Self-organization of semifluorinated alkanes and related compounds at interfaces: Thin films, surface domains and two-dimensional spherulites

Abstract

After a brief reminder of the specific properties of fluorocarbons, fluorinated chains and molecular fluorocarbonhydrocarbon diblocks (semifluorinated alkanes, CnF2n+1- CmH2m+1, FnHm) that account for their exceptional aptitude for self-organization, we review recent advances on the selfassembled surface nanodomains that FnHm diblocks form on water and solid surfaces, their shape and size characteristics, and their hierarchical organization into structures of higher complexity. Remarkably indeed, FnHm diblocks, when spread as Langmuir monolayers on water, self-assemble into circular mesoscopic nanodomains that exist even in the absence of lateral pressure, and self-organize into regular hexagonal arrays upon compression.

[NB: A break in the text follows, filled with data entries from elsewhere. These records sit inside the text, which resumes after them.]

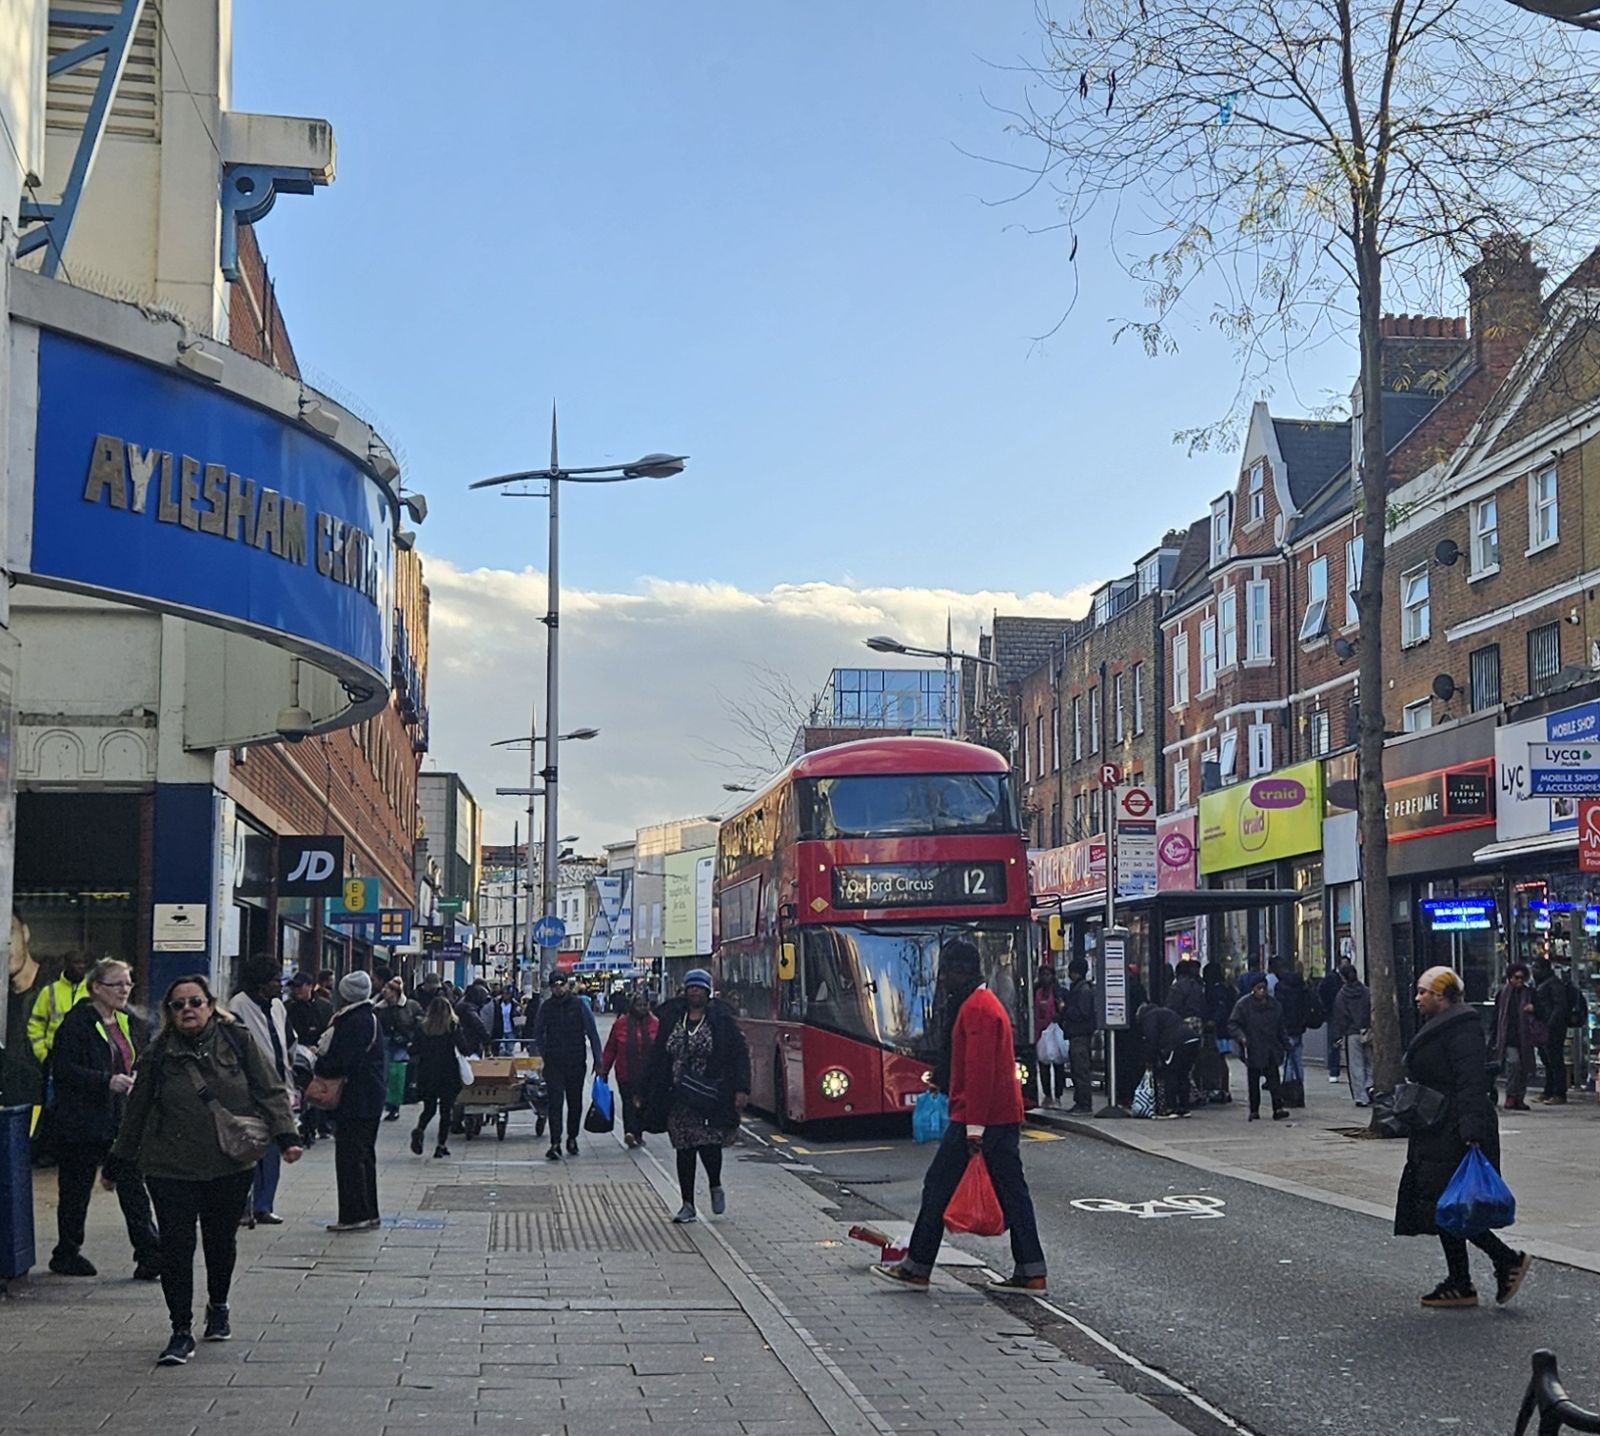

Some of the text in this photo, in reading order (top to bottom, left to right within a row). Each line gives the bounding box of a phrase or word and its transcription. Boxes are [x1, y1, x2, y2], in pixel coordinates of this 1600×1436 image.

[84, 433, 380, 607] AYLESHAM CENTR
[1551, 719, 1576, 739] MOBILE
[1576, 715, 1595, 732] SHOP
[1545, 747, 1580, 763] Lyca
[1103, 766, 1116, 782] R
[1502, 764, 1524, 795] Lyc
[1540, 774, 1599, 782] MOBILE SHOP
[1259, 787, 1297, 800] traid
[1394, 793, 1439, 817] PERFUME
[287, 850, 335, 882] JD
[895, 878, 934, 891] Circus
[963, 869, 987, 895] 12
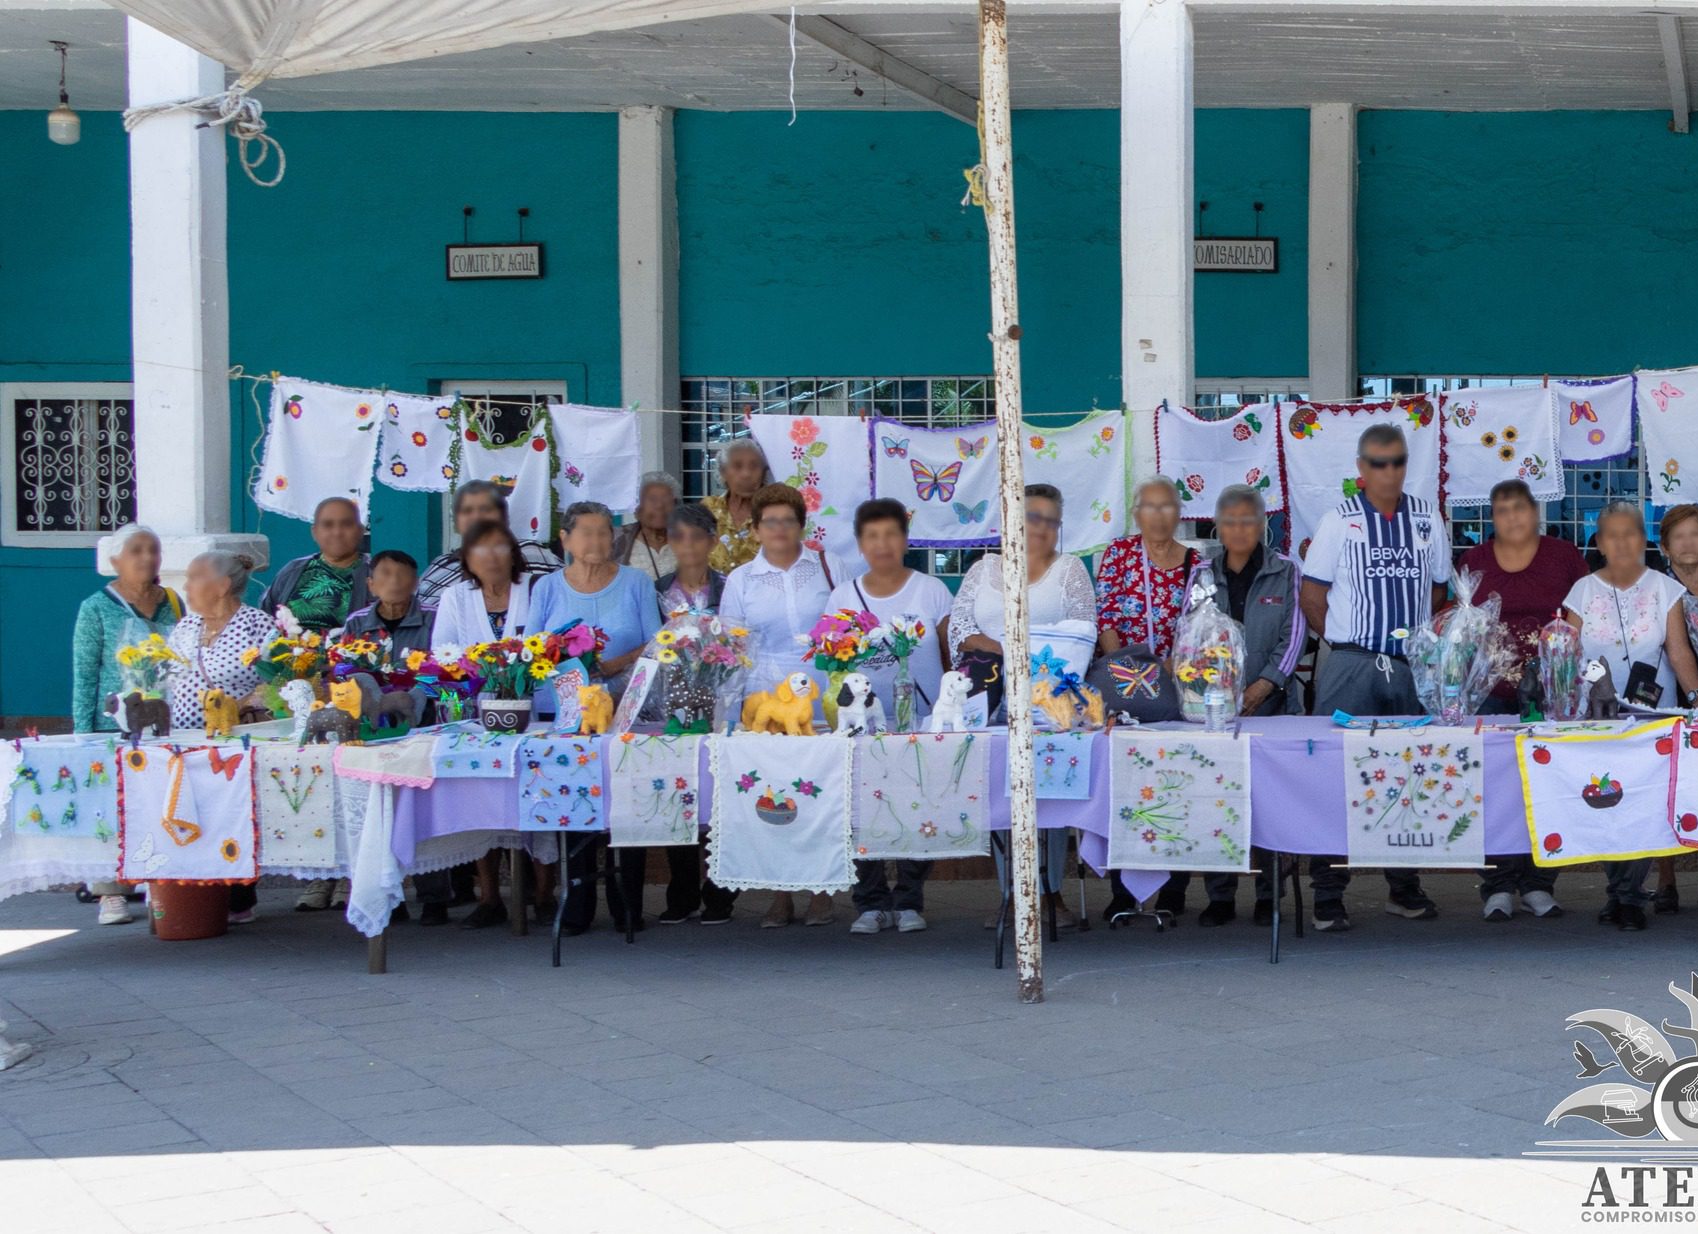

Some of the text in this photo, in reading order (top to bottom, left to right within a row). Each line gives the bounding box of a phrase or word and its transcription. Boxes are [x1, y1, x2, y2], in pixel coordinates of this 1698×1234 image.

[452, 251, 536, 273] COMITE DE AGUA
[1194, 244, 1273, 266] OMISARIADO
[1370, 547, 1413, 561] BBVA
[1387, 831, 1434, 847] LULU
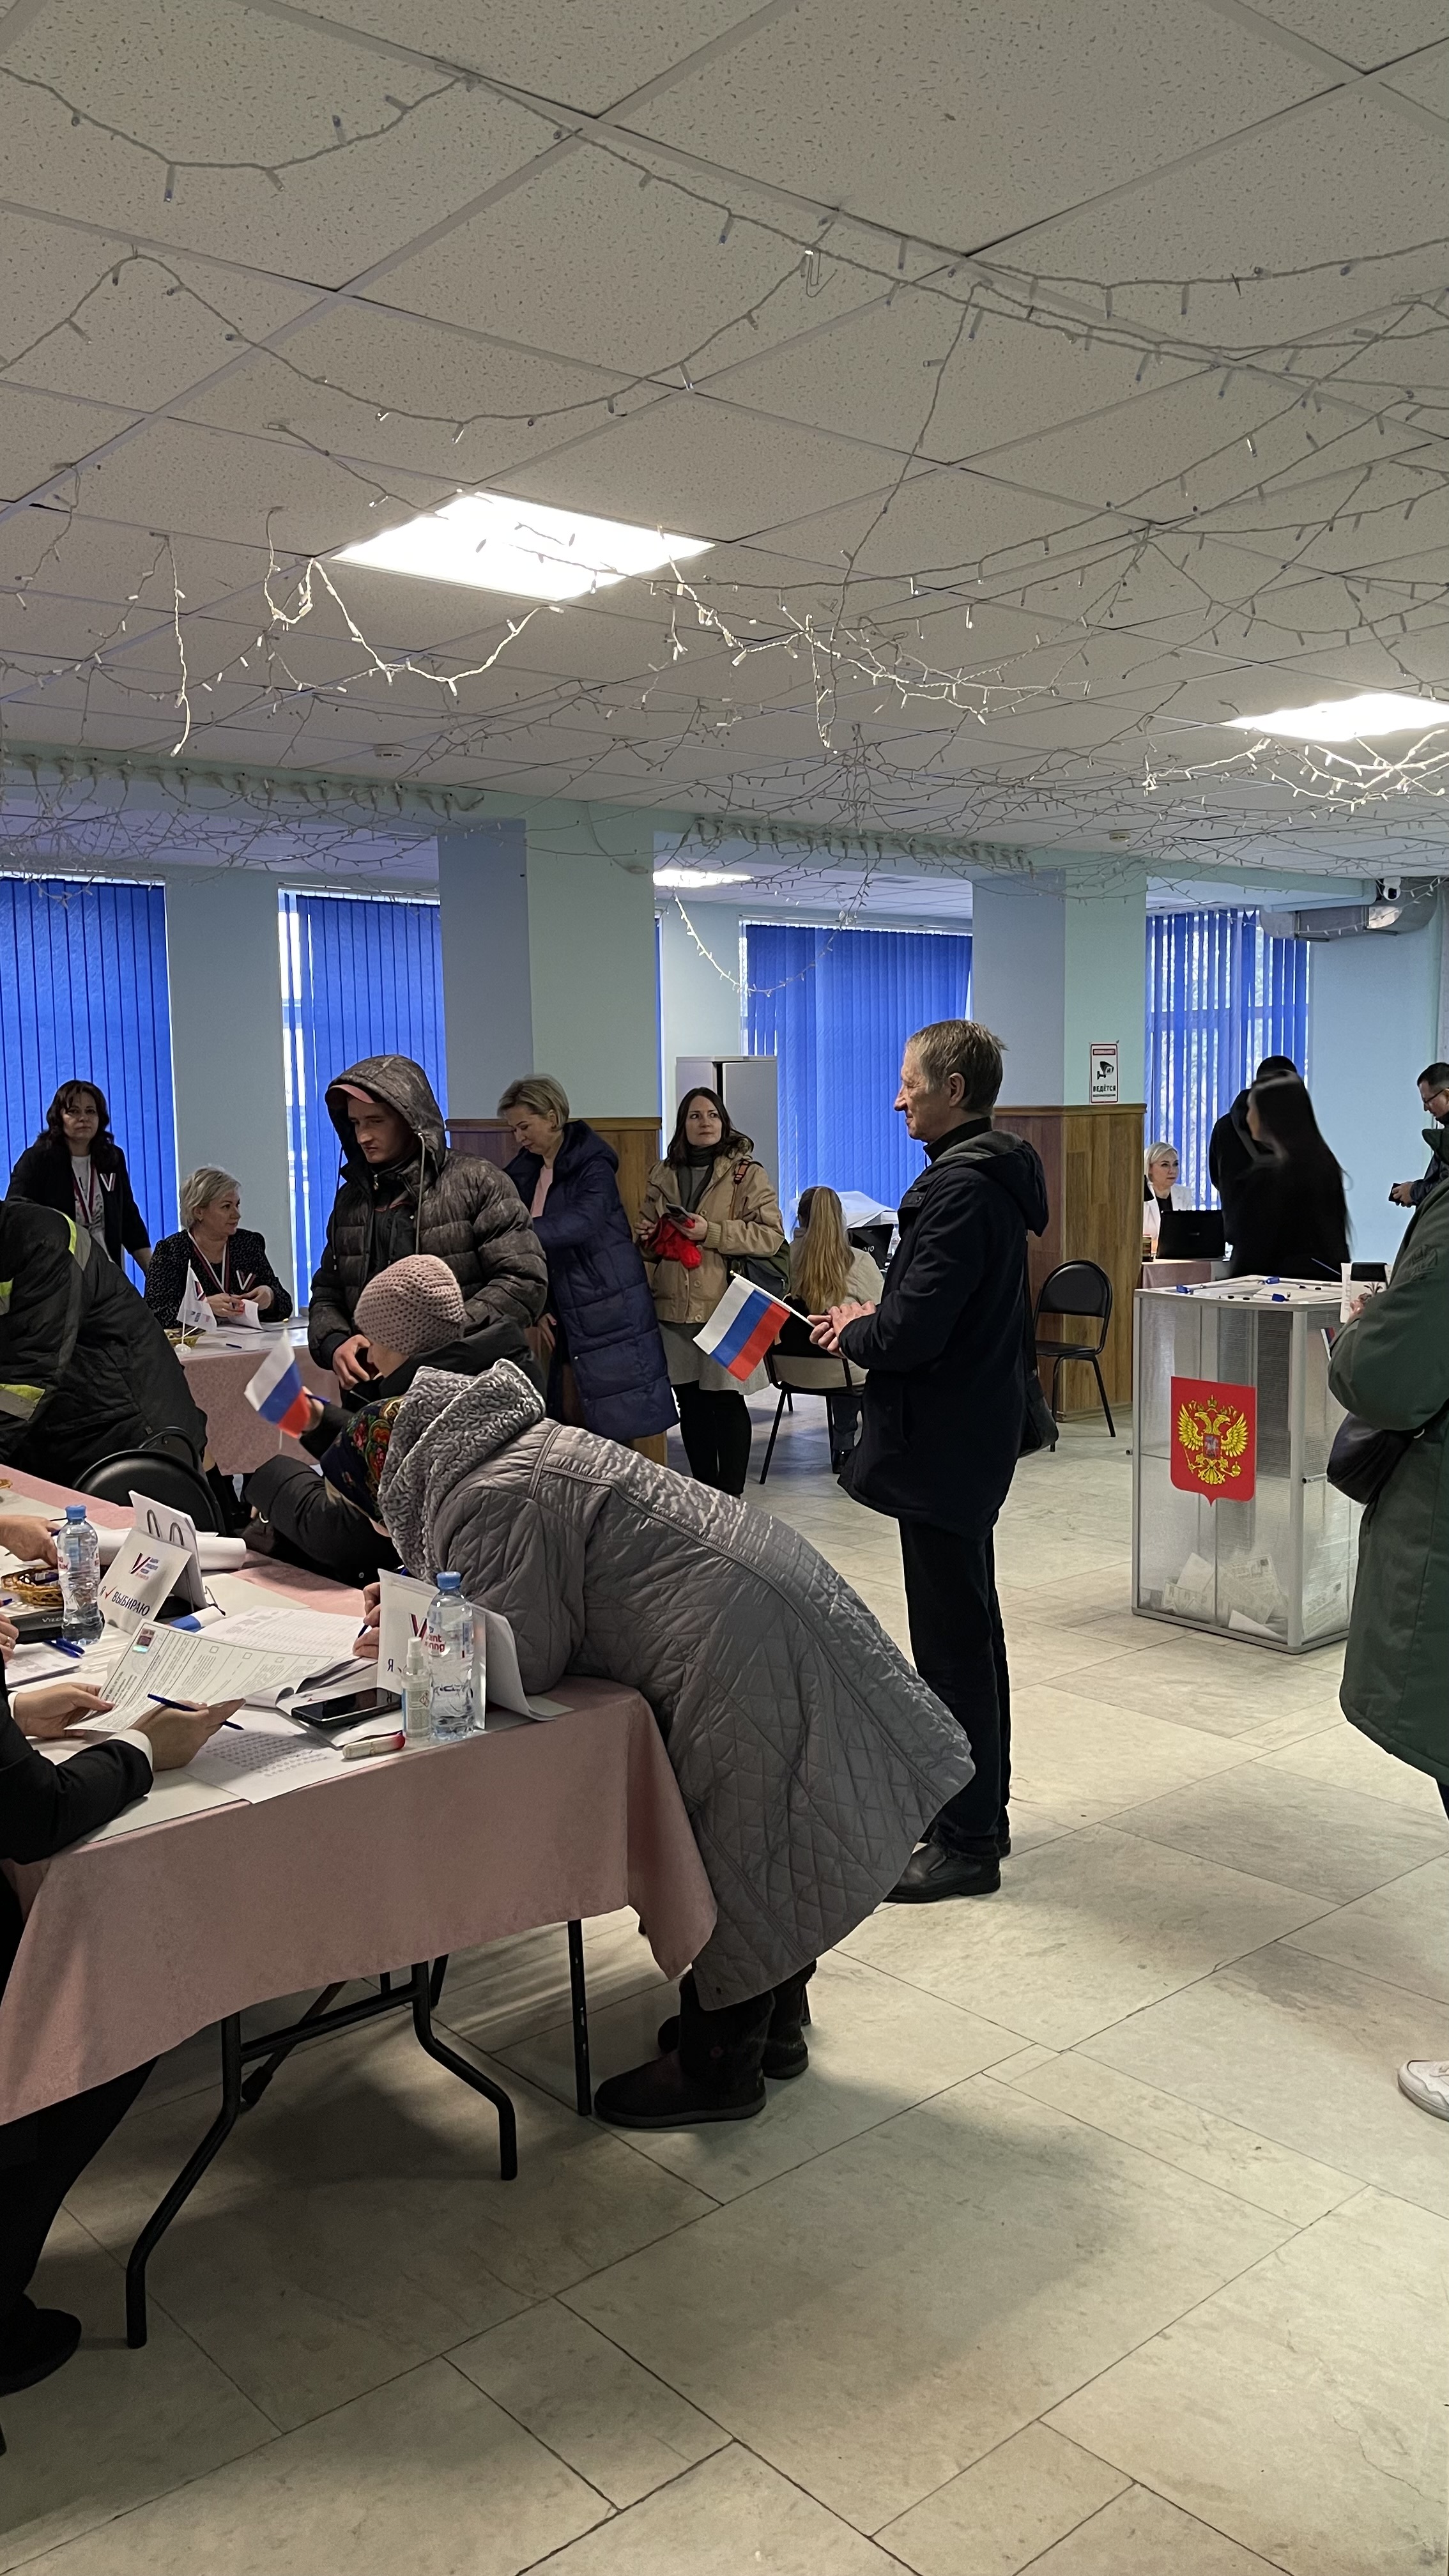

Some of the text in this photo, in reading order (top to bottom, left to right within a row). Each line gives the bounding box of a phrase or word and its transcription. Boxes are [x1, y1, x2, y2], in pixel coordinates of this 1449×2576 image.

These surface domains can be transferred essentially unchanged onto solid surfaces. They can also be obtained by direct casting or spin coating of solutions of diblocks on solids, or by spontaneous formation on liquid crystals. The nanodomains retain their size, shape and organization upon compression and, amazingly, even beyond the collapse of their Langmuir monolayers. The domain-patterned films display uncommon rheology, with predominantly elastic monolayers, and two-dimensional gels were generated, including at zero surface pressure. The formation and behavior of surface domains from related tri- and tetrablocks have also been reported. A tetrablock afforded the first example of pressure-driven stacking of self-assembled nano-objects. The domain-patterned films constitute attractive templates for organizing nanoparticles in components of electronic devices and sensors, and for fabricating ordered mesoporous solids. Most recently, a novel aggregation mode was found for FnHm diblocks, namely their crystallization into micron-size polycrystalline two-dimensional radial and/or ring-banded spherulites. Applications in medicine and materials science are being investigated.